For each selected functional similarity approach, the cut-off (x-value) correspond- ing to the highest accuracy data point (y-value) is selected to obtain the minimum functional threshold. Then the data point with the largest cut-off corresponding to an accuracy of 15% of the accuracy range is selected to obtain the maximum functional threshold. For the two curves in Figure 3.2 for example, the accuracy values lie between about 0.5 and 0.8, i.e. a range of 0.3, so 15% of the range is 0.05, leading to an accuracy of 0.75.
Semantic thresholds
Semantic thresholds are not as easy to establish as functional thresholds as they cannot be derived directly from the data. The semantic threshold determines the appropriate level of semantic similarity between the GO terms that make up a group’s definition. The true positive and true negative datasets constructed for the functional similarity analysis are based on gene products, related to a range of GO terms. At present, there is no equivalent dataset of GO terms qualified as similar or related based on a given property that is not semantic similarity. At best, such a dataset could be generated by a human curator using expert understanding, a laborious task for a dataset of sufficient size (1000+ term pairs). However, such a dataset would still be based on semantic relatedness rather than an independently verifiable property.
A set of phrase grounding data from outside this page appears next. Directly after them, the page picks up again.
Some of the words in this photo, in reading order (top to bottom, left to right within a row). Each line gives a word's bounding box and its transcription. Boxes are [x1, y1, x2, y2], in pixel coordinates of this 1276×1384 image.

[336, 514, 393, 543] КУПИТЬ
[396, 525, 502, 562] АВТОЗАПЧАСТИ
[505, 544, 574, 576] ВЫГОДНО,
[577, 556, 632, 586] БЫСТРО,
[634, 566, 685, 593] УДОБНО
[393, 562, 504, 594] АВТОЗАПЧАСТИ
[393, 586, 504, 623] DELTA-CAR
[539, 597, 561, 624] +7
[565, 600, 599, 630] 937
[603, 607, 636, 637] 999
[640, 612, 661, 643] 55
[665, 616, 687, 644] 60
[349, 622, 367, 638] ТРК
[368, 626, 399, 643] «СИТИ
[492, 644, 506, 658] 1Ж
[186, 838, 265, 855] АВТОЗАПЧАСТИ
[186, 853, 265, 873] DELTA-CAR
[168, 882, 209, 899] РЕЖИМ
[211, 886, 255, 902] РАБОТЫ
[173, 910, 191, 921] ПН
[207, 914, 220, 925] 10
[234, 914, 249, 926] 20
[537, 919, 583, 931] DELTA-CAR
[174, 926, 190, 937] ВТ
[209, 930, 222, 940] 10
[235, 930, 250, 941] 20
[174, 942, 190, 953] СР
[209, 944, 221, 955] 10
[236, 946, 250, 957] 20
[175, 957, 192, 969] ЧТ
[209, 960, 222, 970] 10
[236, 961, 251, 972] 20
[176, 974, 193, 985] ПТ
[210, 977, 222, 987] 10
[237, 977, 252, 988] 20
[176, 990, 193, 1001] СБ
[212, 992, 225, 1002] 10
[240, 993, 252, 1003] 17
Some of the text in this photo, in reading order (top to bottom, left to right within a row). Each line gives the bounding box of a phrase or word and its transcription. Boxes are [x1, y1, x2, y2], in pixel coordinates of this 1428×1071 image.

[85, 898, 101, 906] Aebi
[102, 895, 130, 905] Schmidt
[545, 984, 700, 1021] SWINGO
For this reason, semantic thresholds need to be determined using an indirect approach. The “MAX” functional similarity approach selects the GO term pair with the highest semantic similarity from a set of term pairs. This single most similar term pair is the closest that the gene products in the positive and negative datasets can be related to the GO terms on which their functional similarity is based. On the assumption that two biologically related gene products are most likely to be annotated with highly similar GO terms, while two unrelated gene products are most likely to be annotated with equally unrelated GO terms, the “MAX” functional similarity scores for the individual sub-ontologies are used to establish the semantic thresholds for each approach.
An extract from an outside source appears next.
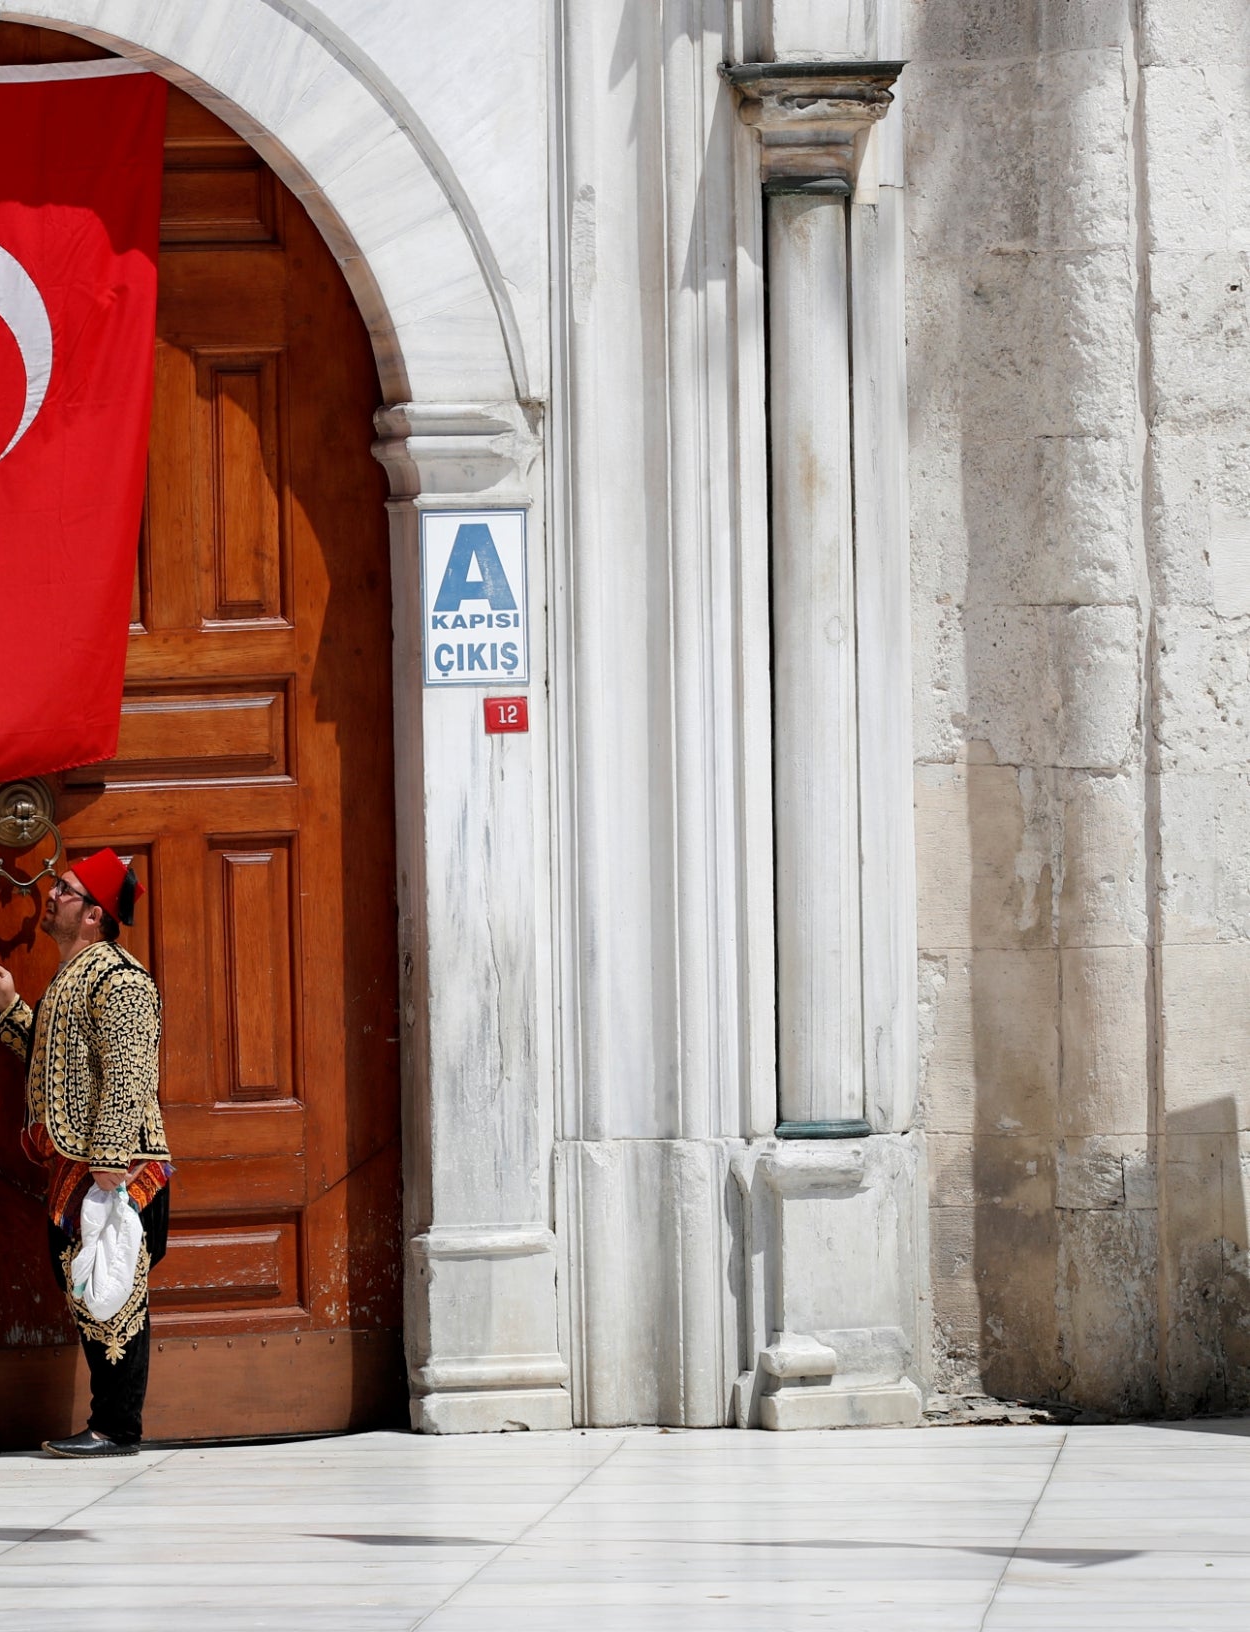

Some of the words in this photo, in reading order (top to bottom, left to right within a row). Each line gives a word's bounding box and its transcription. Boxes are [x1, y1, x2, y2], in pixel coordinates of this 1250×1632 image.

[433, 523, 518, 612] A
[431, 613, 519, 630] KAPISI
[434, 641, 519, 677] ÇIKIŞ
[497, 705, 518, 724] 12
FuSiGroups uses only one semantic threshold for all GO term pairs but there are three GO ontologies, i.e. three sets of minimum and maximum thresholds can be deduced. There are two ways of addressing this issue. One option is to deduce three sets of thresholds using the method described for the functional thresholds, then to
3.2 Evaluation strategy
average the three thresholds into a single one. This approach is justifiable, as it is fairly common that two gene products have highly similar annotations in one or two ontological categories, but not in the other(s). An average of the three thresholds would therefore present a balanced overall threshold. A second option is to use a similar process to the one used to reduce the 30 sub-datasets into a single dataset. The datasets for the three ontological scores are aggregated into a single very large dataset which, after performing the usual analysis on it, generates a single accuracy curve. The minimum and maximum semantic thresholds can then be deduced from this curve in the same way as the functional thresholds.
The threshold determinations will be discussed in Chapter 5. Once the semantic and functional thresholds have been determined, combinations of a range of semantic and functional thresholds can be run for the best performing semantic and functional similarity approaches. The resulting groups can then be analysed using the strategy described in the next section.